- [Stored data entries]
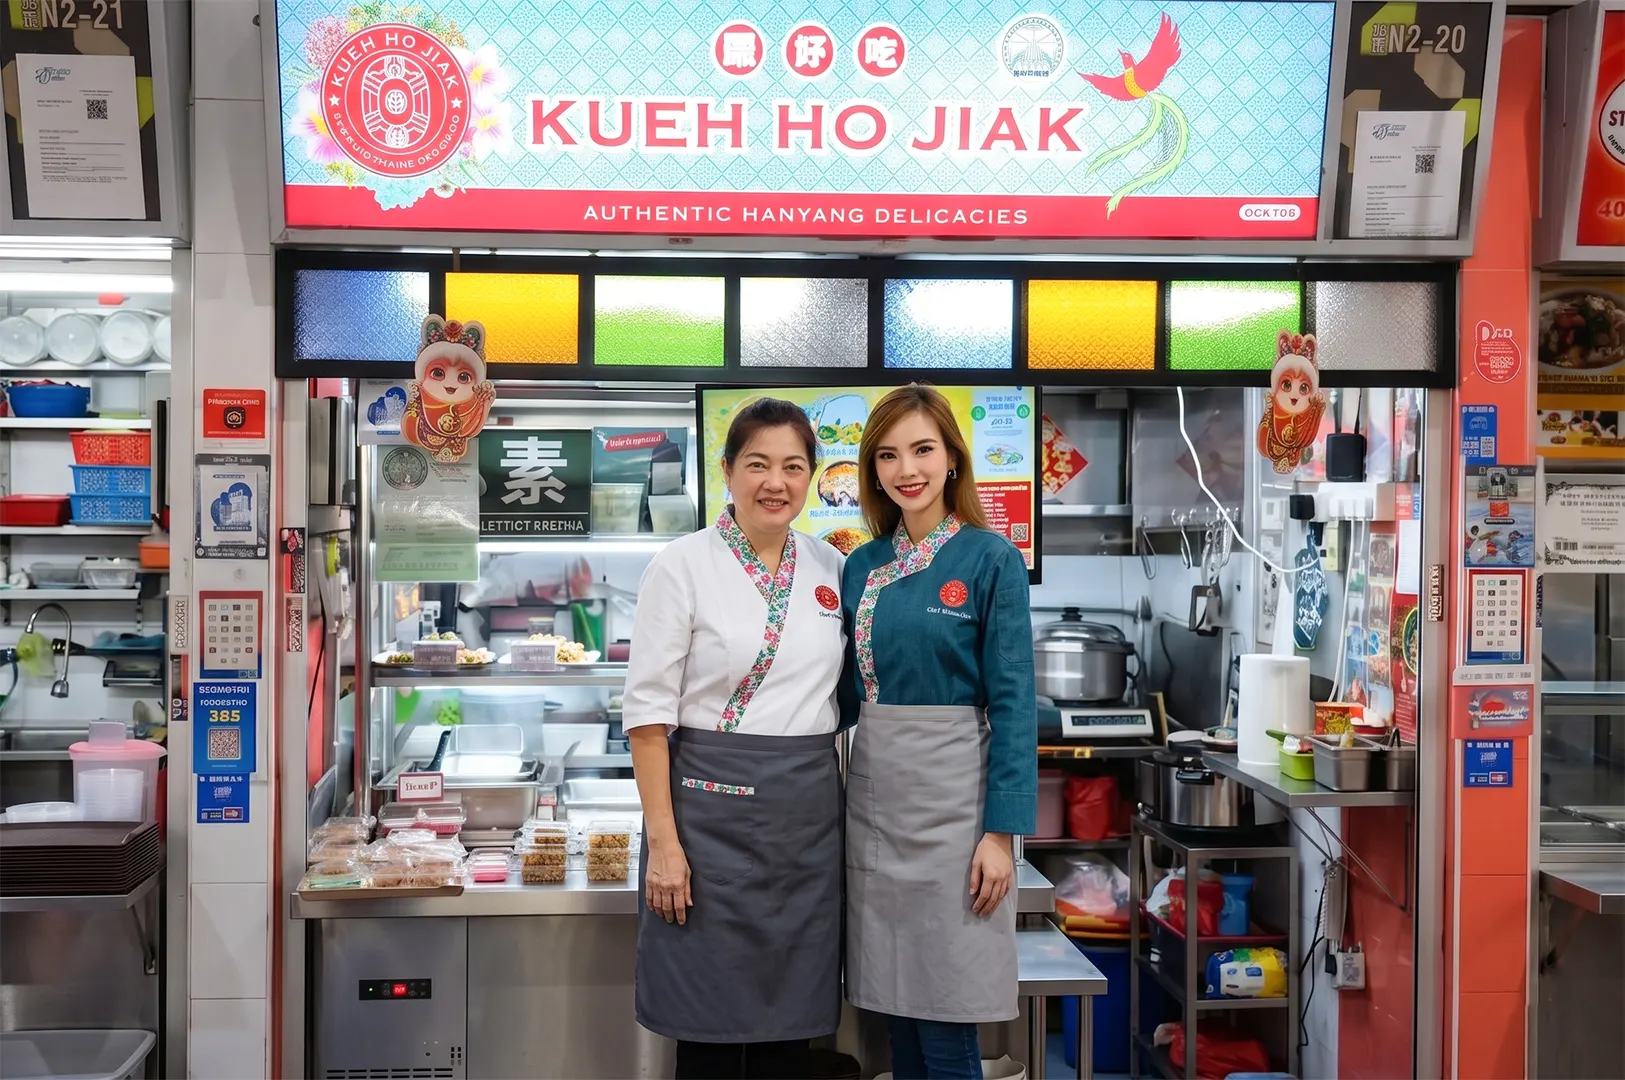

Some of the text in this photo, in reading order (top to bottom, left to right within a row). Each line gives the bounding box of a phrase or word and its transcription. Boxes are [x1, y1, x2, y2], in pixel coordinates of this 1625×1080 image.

[41, 0, 122, 29] N2-21
[1388, 24, 1466, 54] N2-20
[331, 32, 459, 89] KUEH HO JIAK
[532, 98, 1084, 152] KUEH HO JIAK
[583, 204, 1029, 225] AUTHENTIC HANYANG DELICACIES
[500, 436, 568, 506] 素
[209, 709, 241, 723] 385

- [What needs to be done]
Transcribe each entry above without alteration, but keep the pictures out.

- [Exercise result]
Some of the text in this photo, in reading order (top to bottom, left to right within a row). Each line gives the bounding box of a phrase or word and its transcription. Boxes are [x1, y1, x2, y2], in pixel coordinates of this 1625×1080 image.

[41, 0, 122, 29] N2-21
[1388, 24, 1466, 54] N2-20
[331, 32, 459, 89] KUEH HO JIAK
[532, 98, 1084, 152] KUEH HO JIAK
[583, 204, 1029, 225] AUTHENTIC HANYANG DELICACIES
[500, 436, 568, 506] 素
[209, 709, 241, 723] 385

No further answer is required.